With this taken care of, I've been told:
the solution should be correct, reliable, maintainable, reusable, portable and efficient.
My solution is obviously not ideal: I could've added some scaladoc to explain the code. Another trivial improvement could've been to factorize out end+1-start
into a length
function... that way I could've written something like .sortBy(length).reverse
or .sortBy(-length(_))
.
Also, it would've been nicer if .compareTo
in Scala would return a data Ordering = LT | EQ | GT
just like in Haskell: that way isSubstringPalindrome
would be more explicitly/guarantee in the fact that it's handling all cases: (string not fully checked for palindromeness yet: start < end
, odd length palindrome: start==end
, even length palindrome: end < start
)... but this is not really a shortcoming of my code.
Anyhow, given the algorithm, I think that the code itself is somewhat readable and clean. Functions of only 2/3 statements each, no temporal coupling, etc.
That said, it wasn't appreciated. My suspicion is that they expected some classes to be defined, and gain some insight on my data modeling thought process. If that's so, I'm a bit disappointed, because a test that asks to solve a principally algorithmic problem wouldn't/shouldn't naturally lead to define/create your own data types (anything already available in the stdlib should be enough)... something more real world might've been more appropriate.
I've been given this task by people using Scala professionally. Conversely, I never used Scala at work, so I'd expect that my code might be unidiomatic.

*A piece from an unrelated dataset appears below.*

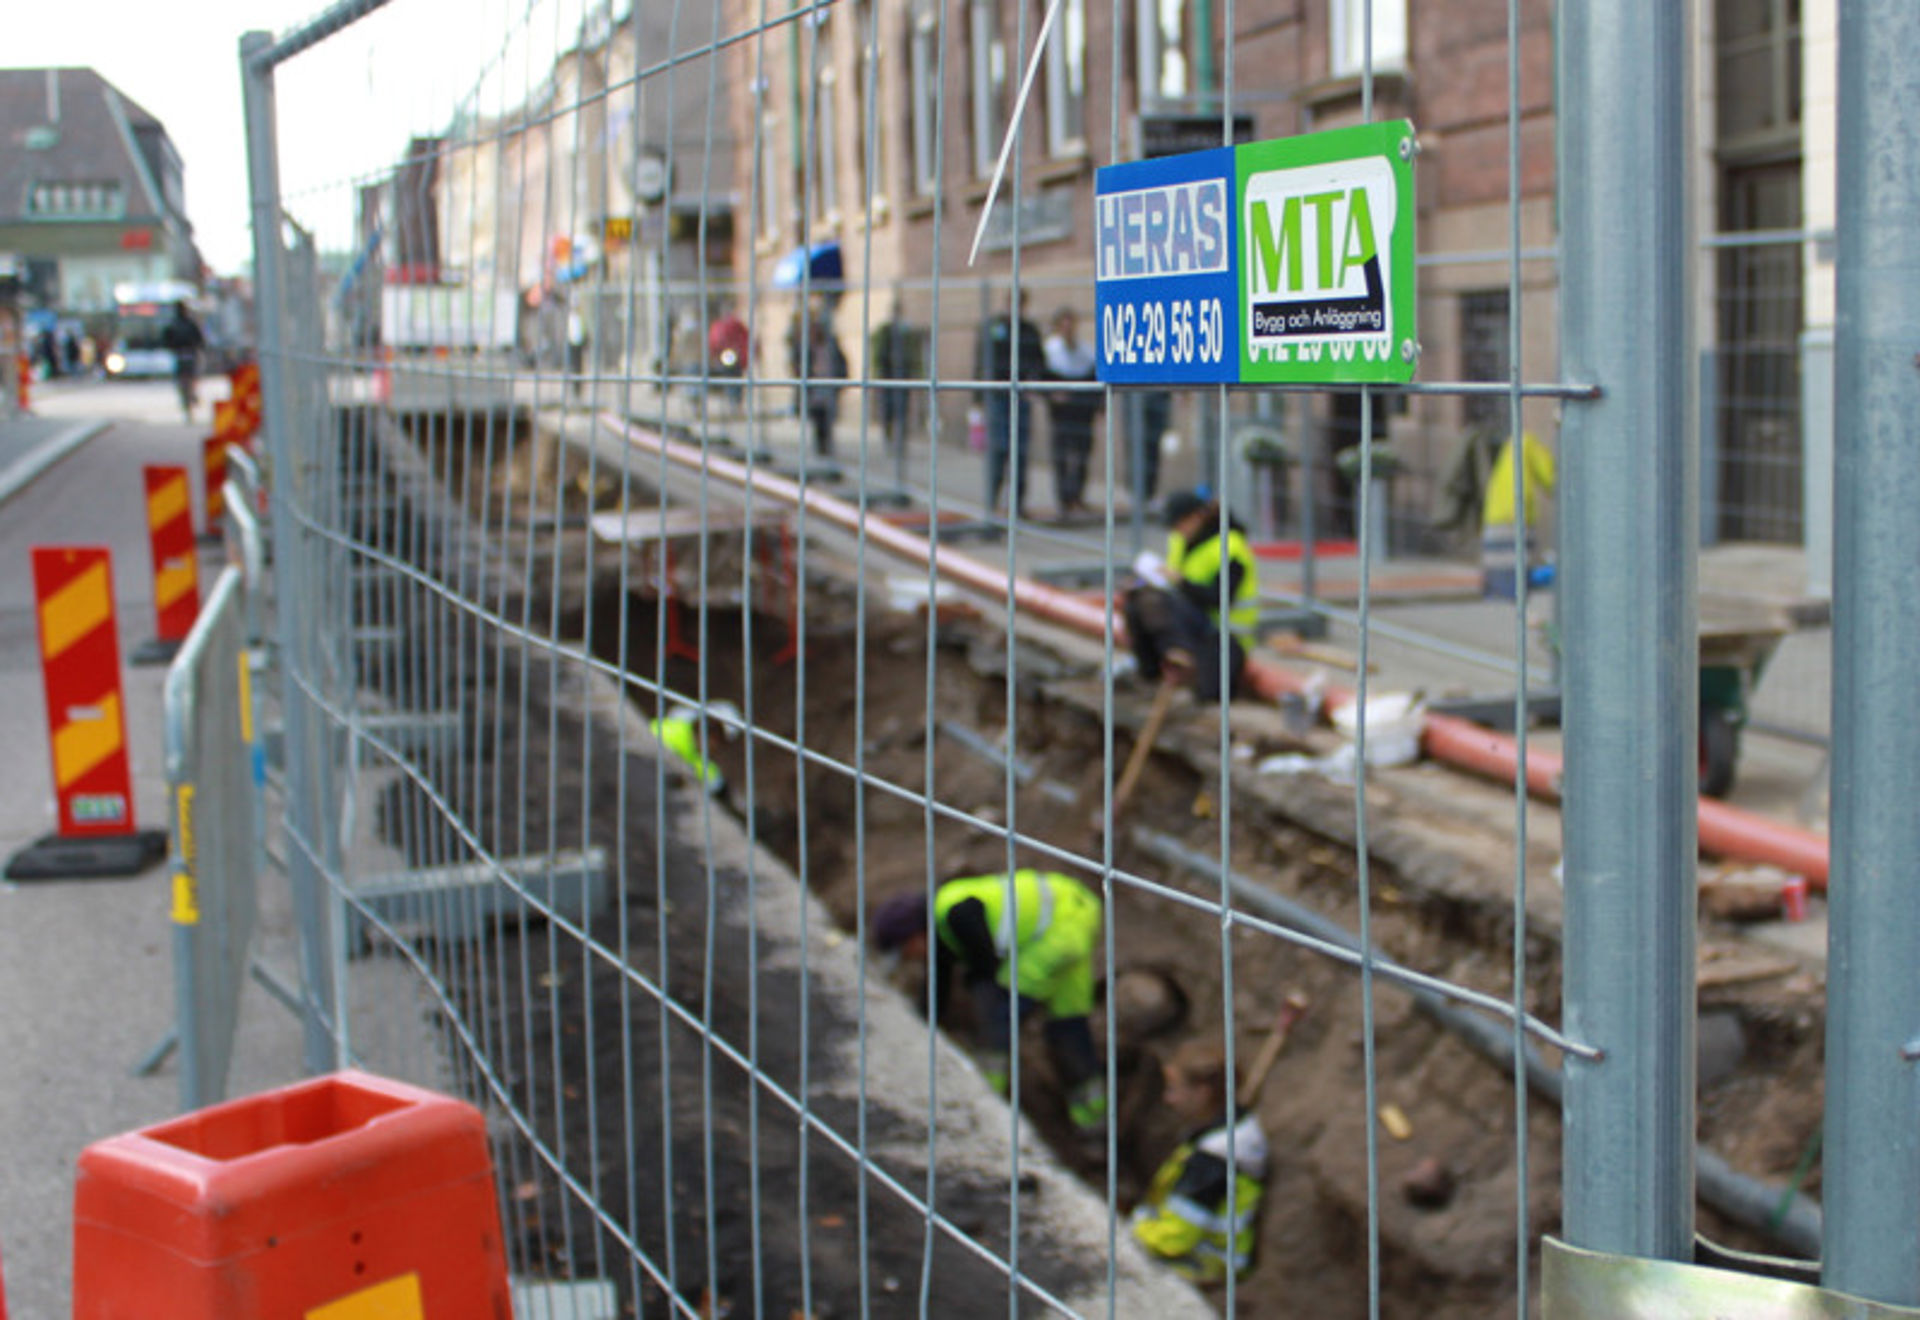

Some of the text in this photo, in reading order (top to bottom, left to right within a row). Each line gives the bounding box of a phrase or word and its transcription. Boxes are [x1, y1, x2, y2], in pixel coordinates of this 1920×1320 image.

[1100, 184, 1223, 278] HERAS
[1251, 186, 1384, 294] MTA
[1103, 297, 1223, 365] 042-29 56 50
[1255, 304, 1381, 333] Bygg och Anläggning

Do you have any other idea on how to improve, even by rewriting it completely with a different algorithm? One of the goals was efficiency, but performance shouldn't be a concern. What I'd like to see this code improved upon is in its readability, cleanliness and general good design.
2 Answers 2
EDIT First attempt at answering was not optimal, so you should read to the end EDIT
Well, it is a bit hard to say, what the people who tasked you with that wanted to see, but
imho that is a lot of code for a relatively simple problem. So, I guess the maintainability requirement might be the culprit.
Also, what is pretty important when doing scala professionally is a solid knowledge of scala collections, their API and maybe how to work with Iterators. E.g a palindrome check is easily done by
string == string.reverse
When working with tuples, accessing values with
._1
._2
and so on is horrible to read. I would almost always prefer to have the values extracted to local vals with meaningful names.Premature optimization is the root of all evil!

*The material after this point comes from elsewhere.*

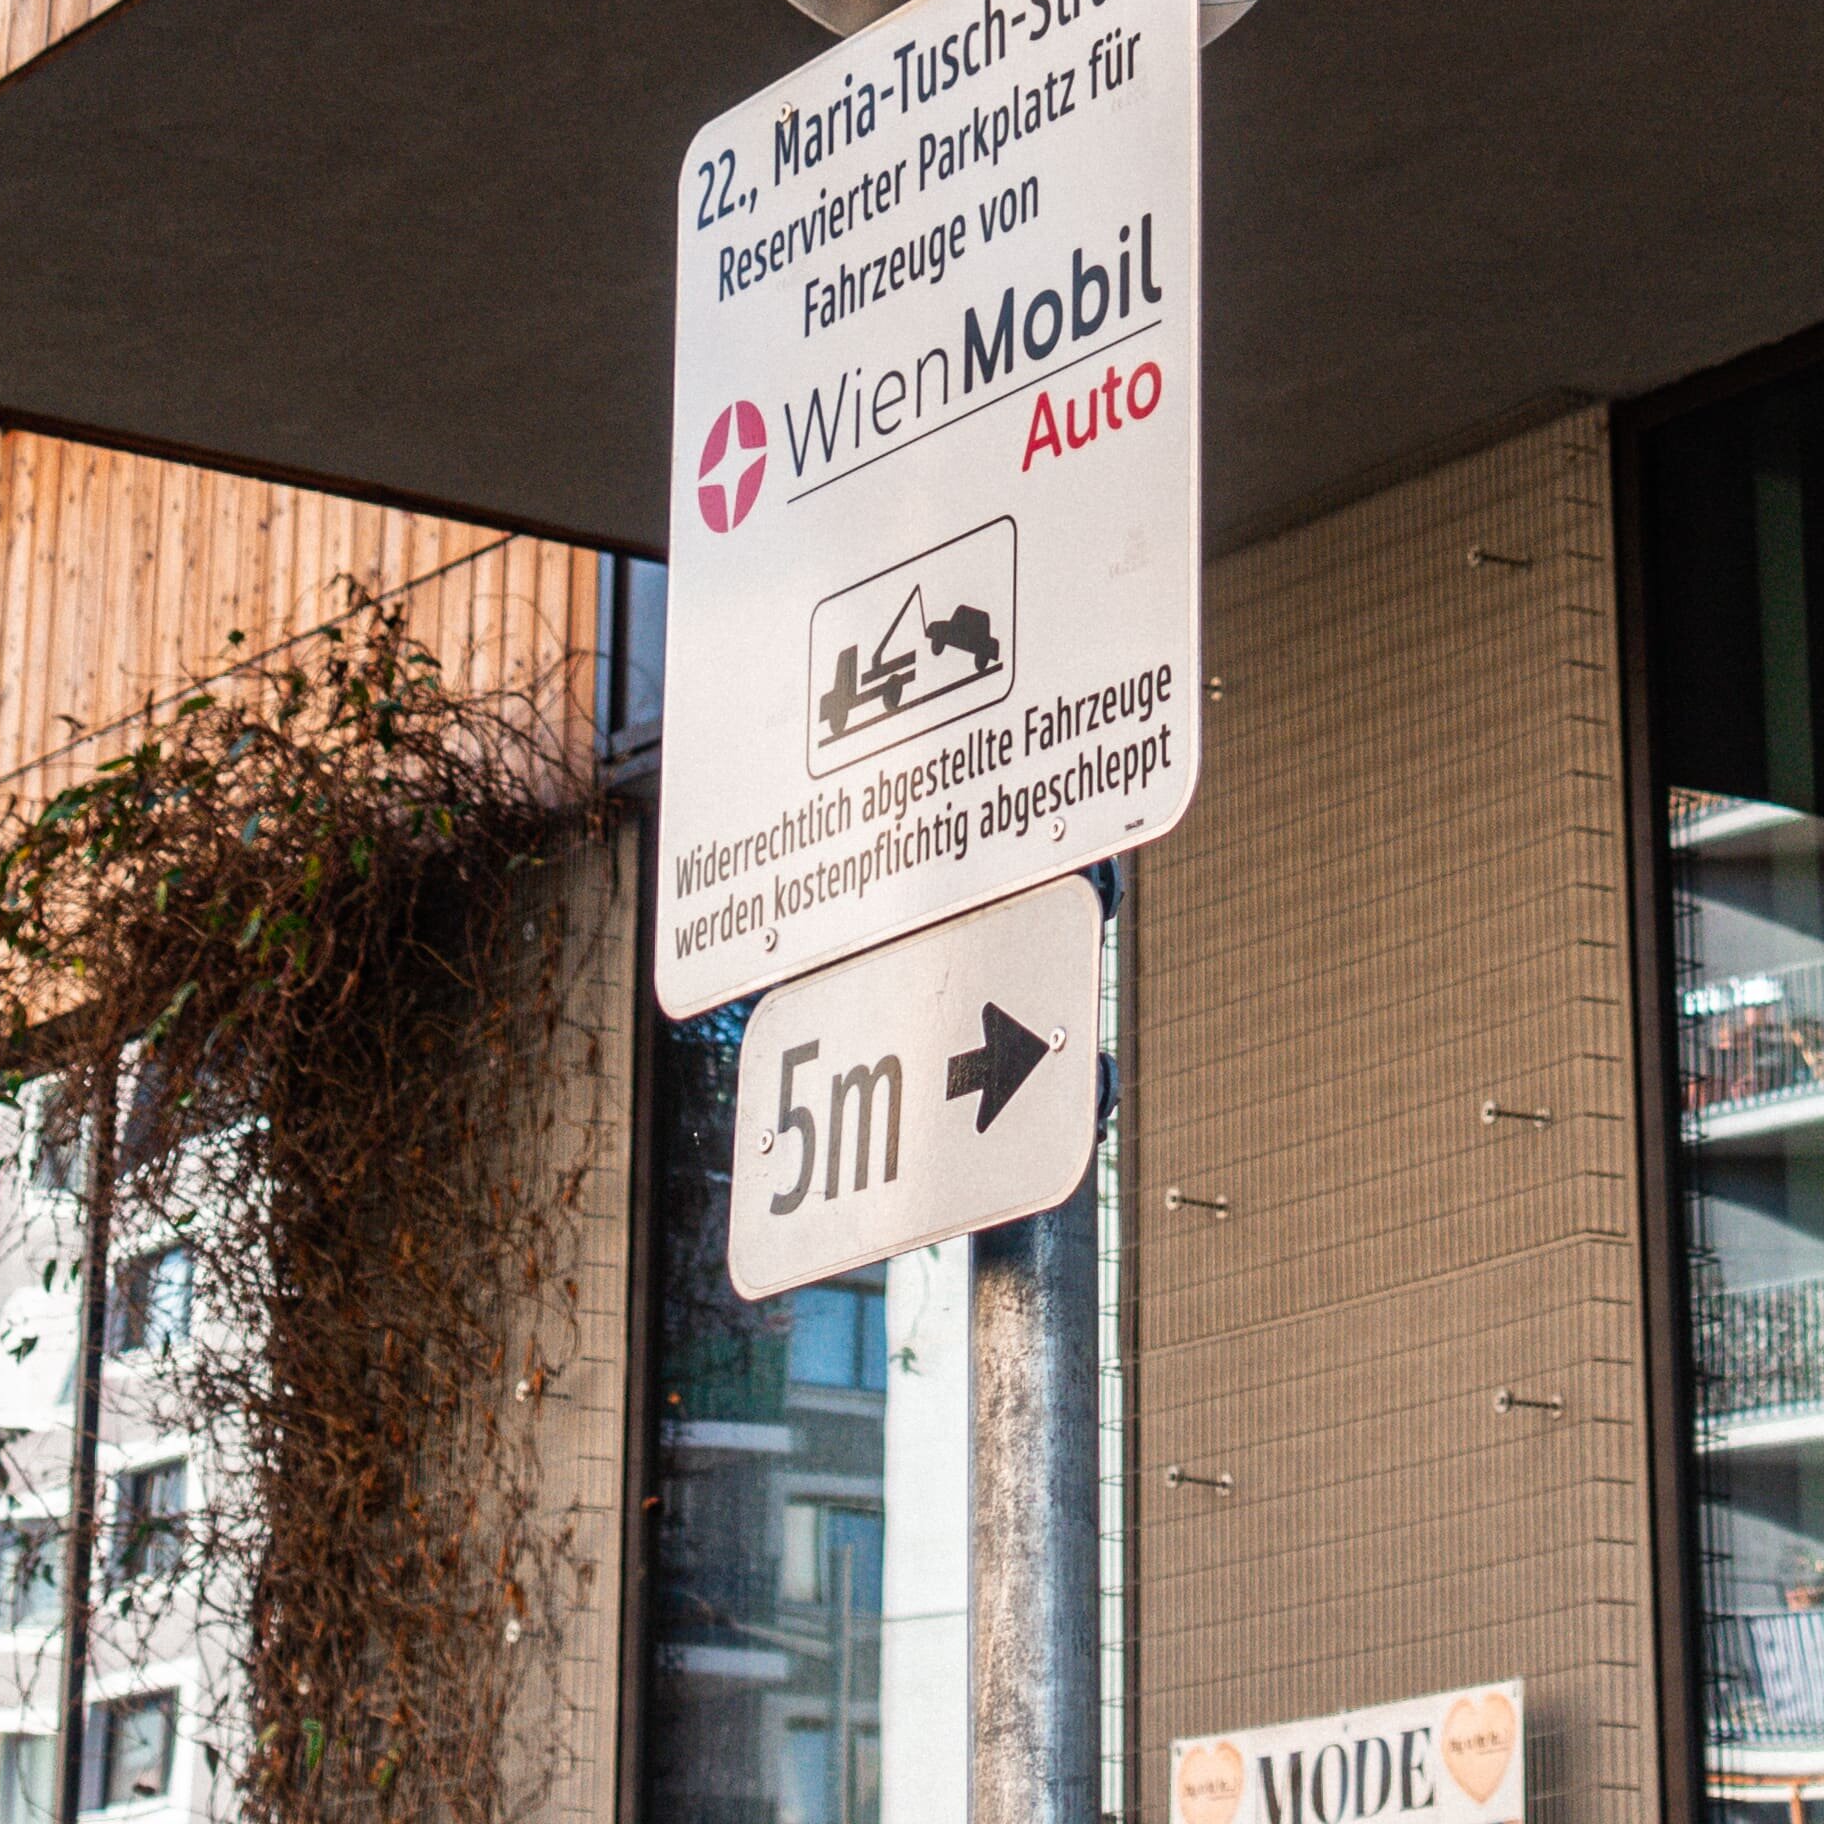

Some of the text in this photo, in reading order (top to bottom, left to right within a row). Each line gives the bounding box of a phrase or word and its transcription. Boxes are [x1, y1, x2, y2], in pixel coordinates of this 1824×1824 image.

That said, here is how I would do something like this:
EDIT BEGIN
BAD, DON'T COPY, MUCH LESS PASTE!
EDIT END
@inline
private[this] def isPalindrome(inp: String): Boolean = inp == inp.reverse
def palindromes(inp: String) = {
(inp.length until 2 by -1).foldLeft(IndexedSeq.empty[String]) {
case (pals, palindromeLength) =>
pals ++ inp.sliding(palindromeLength, 1).collect {
case subString if isPalindrome(subString) && !pals.exists(_.contains(subString)) =>
// only retain substring if it is a palindrome
// and not a substring of an already found palindrome
subString
}.toSeq
}
}
I admit the foldLeft is not exactly easy to read, too, but it is quickly clarified in a review. Otherwise, for a first implementation it should be efficient enough.
There are probably far more string allocations, but unless reducing string allocations is not explicitly required, this code is, well, shorter and more maintainable.
Update/Edit
I'm sorry if I'm annoying anyone, but this didn't leave me alone because something just didn't feel right.
Probably, because my answer is incomplete at best. So here is what got me thinking:
My example code above is in fact quite inefficient as it does a lot of unnecessary work. It searches for palindromes by size starting at 2 ending at input string length. So the lookups for all sizes from longest palindrome length to input string length are just burning cpu time.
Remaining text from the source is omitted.